Es gab aber schon vor dem 15. Jahrhundert einige Chronisten und Komputisten (Kalender-Mathematiker), die eine Jahreszählung seit Christi Tod oder Geburt schrittweise vorführten. Die Benützung durch Regierende und Volk bürgerte sich sehr langsam ein. Man nimmt heute allgemein an, dass eine solche Zählung vor dem 12. Jahrhundert nicht in Gebrauch war, da kaum ältere verlässliche Dokumente mit dieser Datierungsweise existieren (Gertrud Bodmann, 1992, S. 38).

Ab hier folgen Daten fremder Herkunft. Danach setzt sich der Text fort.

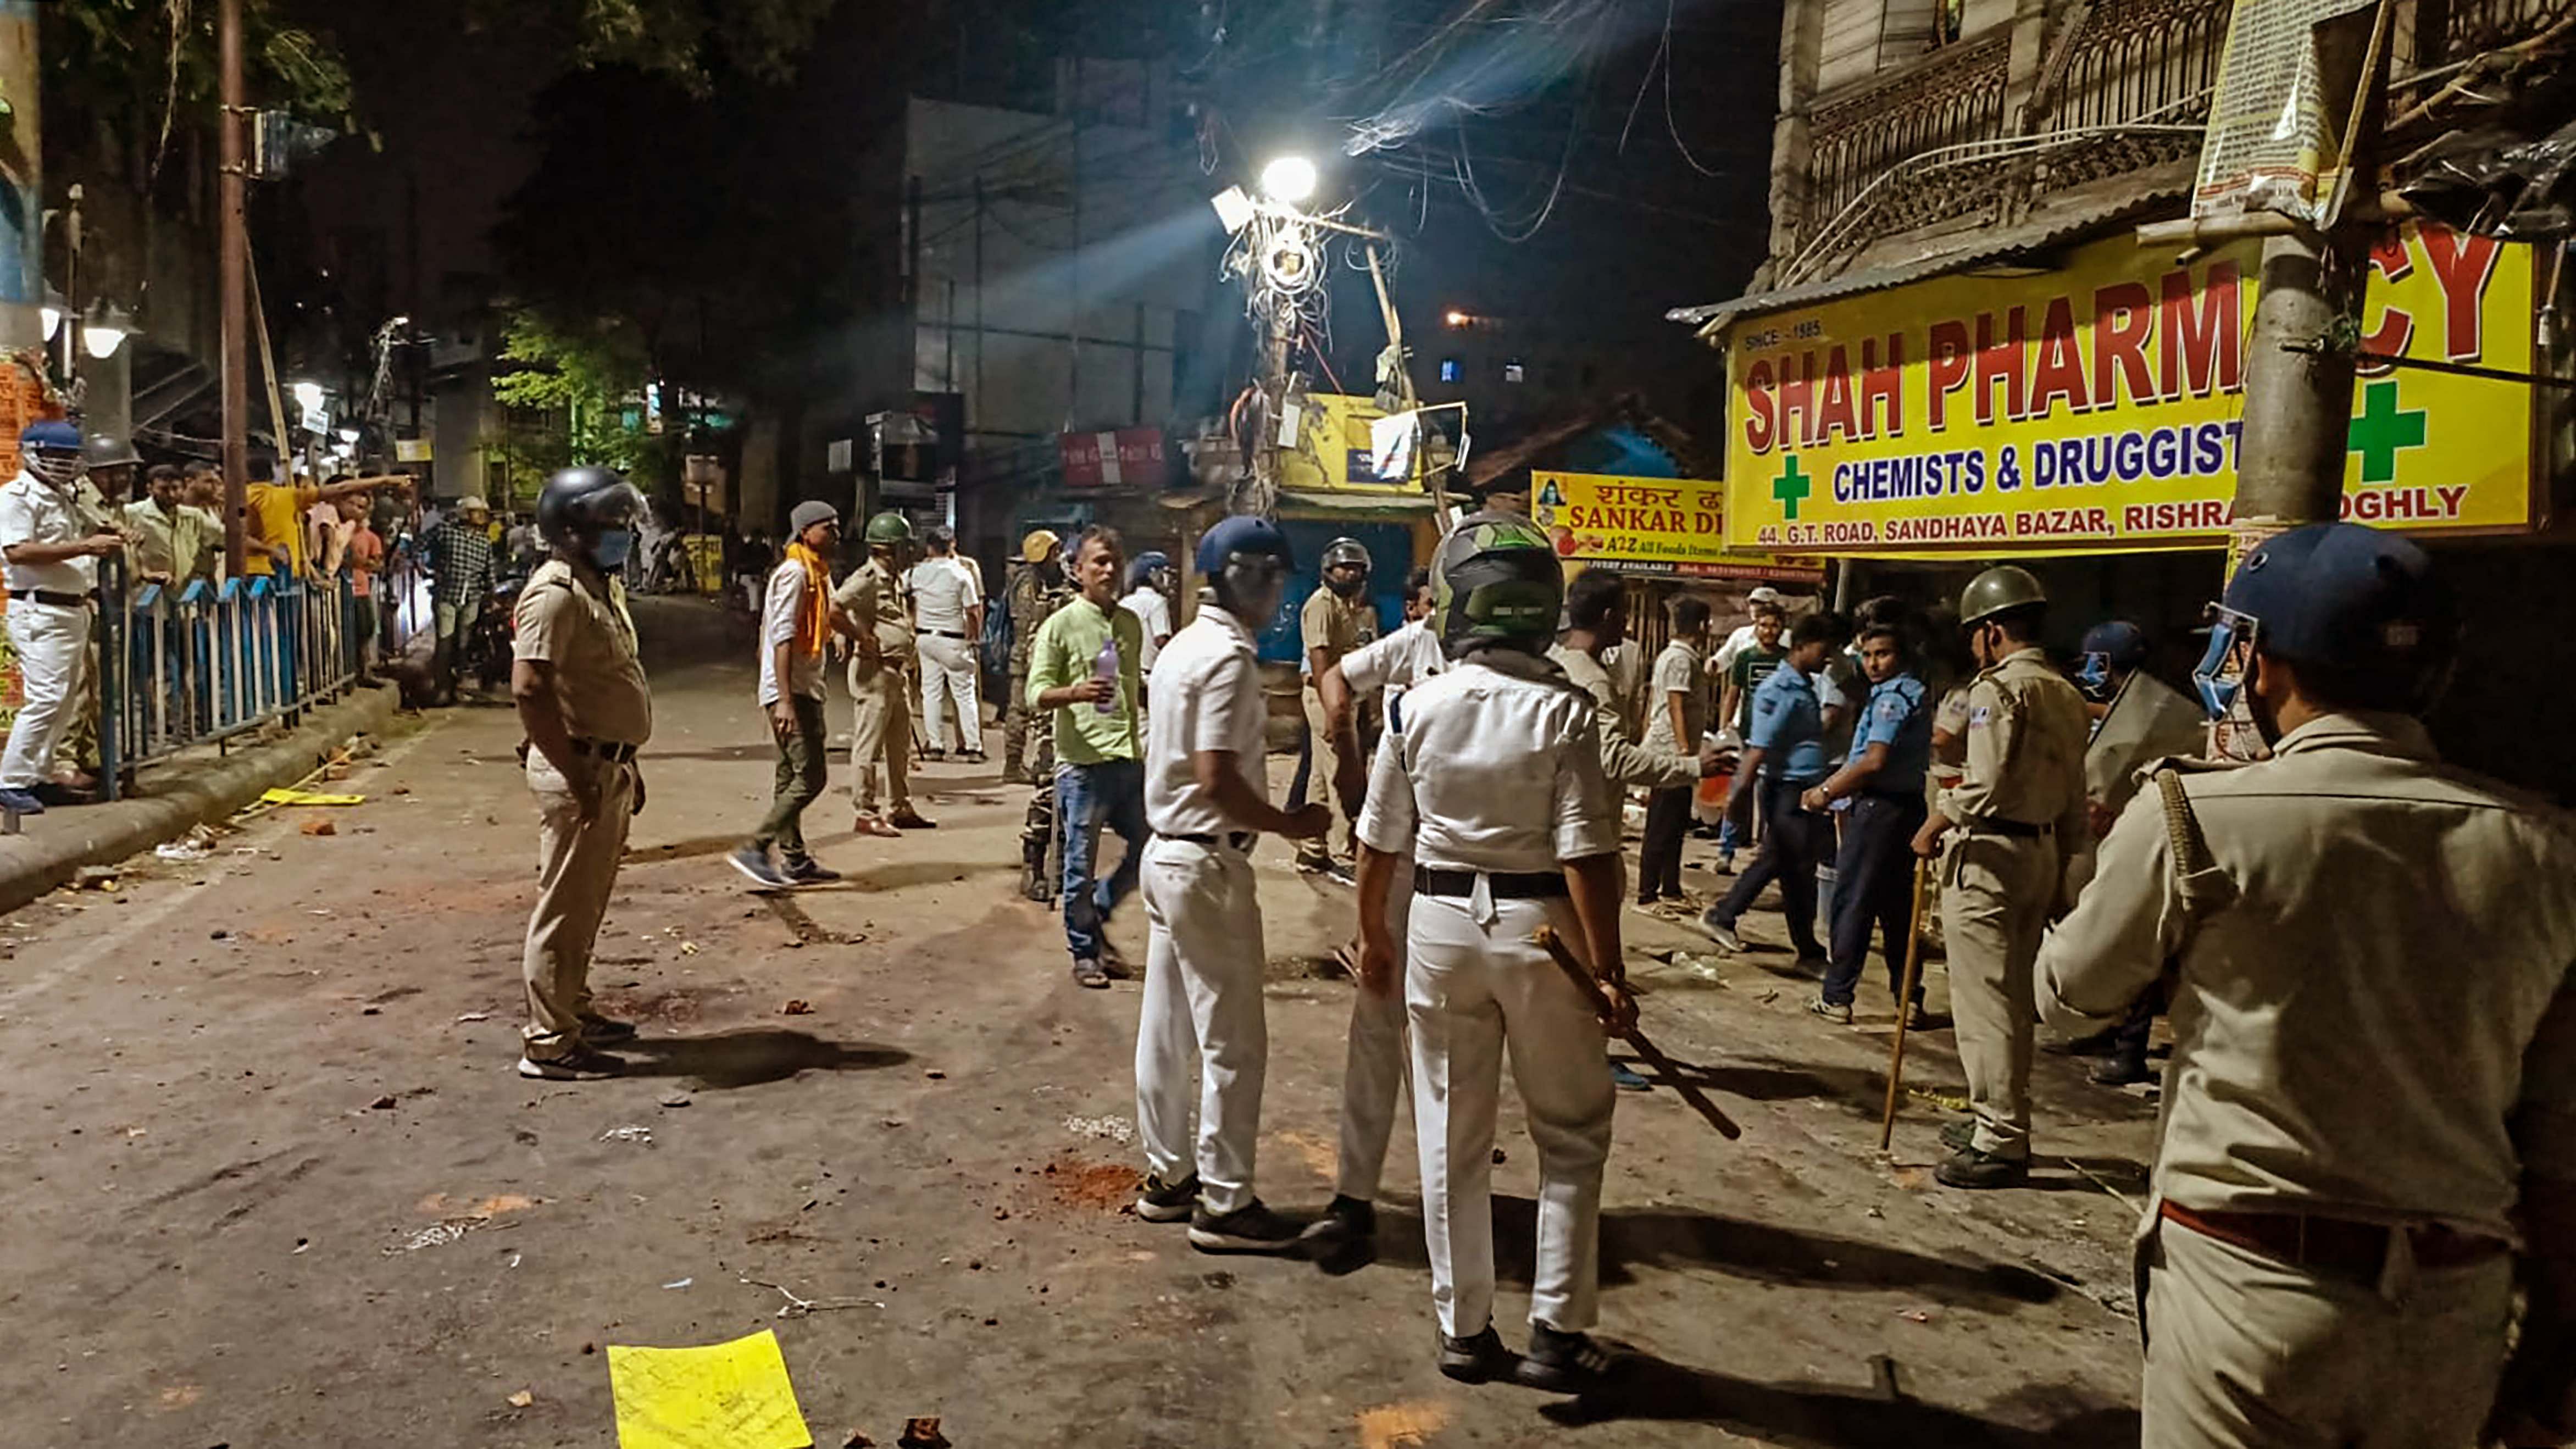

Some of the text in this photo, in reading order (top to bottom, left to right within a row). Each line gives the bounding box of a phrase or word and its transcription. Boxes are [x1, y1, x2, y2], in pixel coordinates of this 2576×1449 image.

Populärerweise wird dem Dionysius Exiguus (= der Hinker, gest. 556), oft auch einem nicht näher bekannten Vorgänger namens Victorin von Aquitanien (465), die Einführung unserer heutigen Anno-Domini-Zeitrechnung angelastet, aber das erste Schriftwerk, in dem sie konsequent durchgeführt wird, ist die Chronik des Mönchs Regino aus dem Kloster Prüm in der Eifel, angeblich im 10. Jahrhundert. Vermutlich ist diese Chronik ein oder zwei Jahrhunderte zurückdatiert, stammt also aus dem 11. oder 12. Jahrhundert. Über die Einzelheiten gibt es interessante Diskussionen unter den Wissenschaftlern, der Gesamteindruck ist jedoch deutlich: Seit höchstens tausend Jahren zählen wir unsere Jahre „n. Chr.“, es fehlen also Nachweise über die ersten tausend Jahre.
Wie hat nun diese Einführung der christlichen Jahreszählung begonnen? Schauen wir uns diese erste abendländische Chronik näher an!

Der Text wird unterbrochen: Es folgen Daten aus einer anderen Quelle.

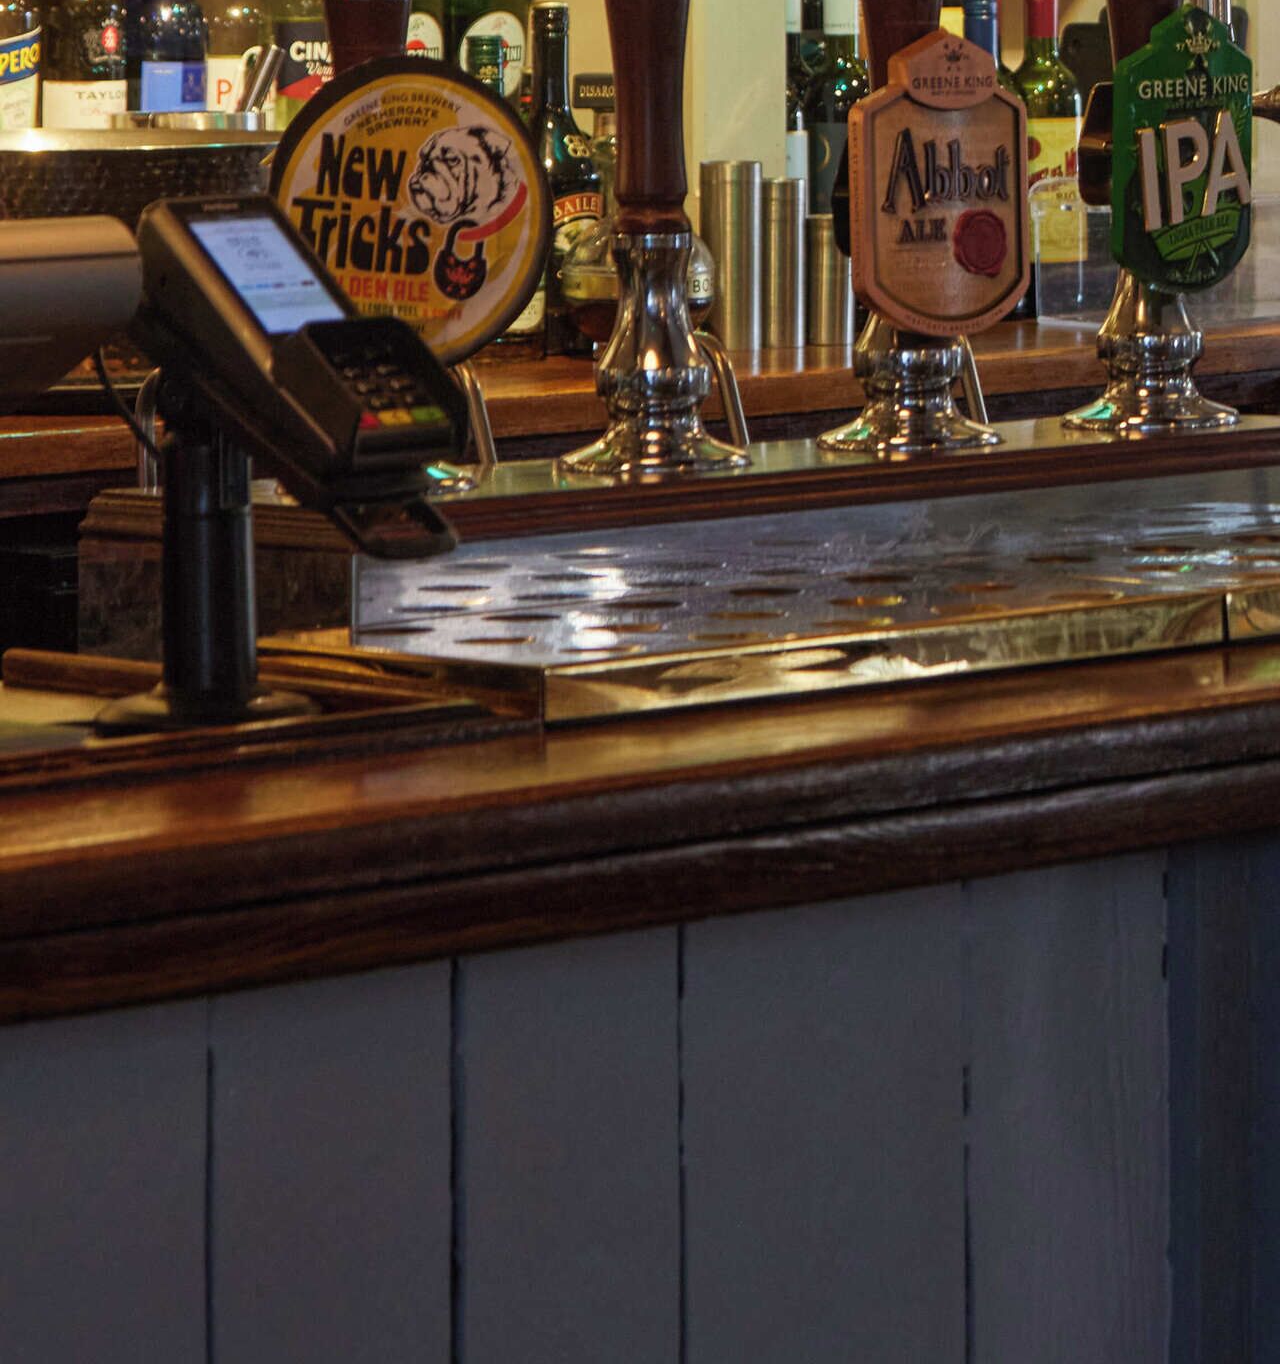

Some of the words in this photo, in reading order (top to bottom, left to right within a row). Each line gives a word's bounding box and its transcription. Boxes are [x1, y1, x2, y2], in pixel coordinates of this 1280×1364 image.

[290, 40, 334, 63] CIN
[911, 76, 961, 90] GREENE
[964, 75, 993, 88] KING
[1138, 75, 1208, 100] GREENE
[1213, 74, 1249, 94] KING
[410, 91, 463, 114] BREWERY
[356, 106, 439, 132] NETHERGATE
[365, 118, 430, 136] BREWERY
[316, 132, 407, 202] New
[880, 127, 1011, 215] Abbot
[1135, 107, 1251, 234] IPA
[292, 197, 431, 276] Tricks
[897, 219, 947, 244] ALE
[392, 277, 431, 301] ALE

In Band VII der „Ausgewerteten Quellen zur deutschen Geschichte des Mittelalters“ (R. Buchner, 1964, S. 7) liest man zu Regino von Prüm, dass seine Darstellung der Geschichte von Christi Geburt bis zur Gegenwart ein erster Versuch war, der noch nicht gelang. Erst um 1040 wurde ein entsprechender Versuch „unabhängig von Regino“ wieder ausgeführt, und zwar von einem Reichenauer Mönch in der „Schwäbischen Weltchronik“, die allerdings verloren ist. Der tatsächliche Beginn der Verwendung unserer heutigen Zeitrechnung dürfte noch ein Jahrhundert später liegen.
Buchner schreibt weiter (S. 8): „Trotz solcher Unzulänglichkeiten stellt Reginos Chronik eine bedeutende historiografische Leistung dar … weil er sich von der mit dem Aufstieg der Karolinger einsetzenden Beschreibung als Erfüllung der Weltgeschichte freimacht“. Die Franken sind demnach bei Regino nicht mehr die Erfüller der Weltgeschichte und haben nicht mehr diese heilsgeschichtliche Bedeutung als Christianisierer des Abendlandes, denn Regino legt eher eine heidnische Einstellung an den Tag und schätzt mehr die Mannestugend und das persönliche Handeln, das über Glück und Unglück entscheidet.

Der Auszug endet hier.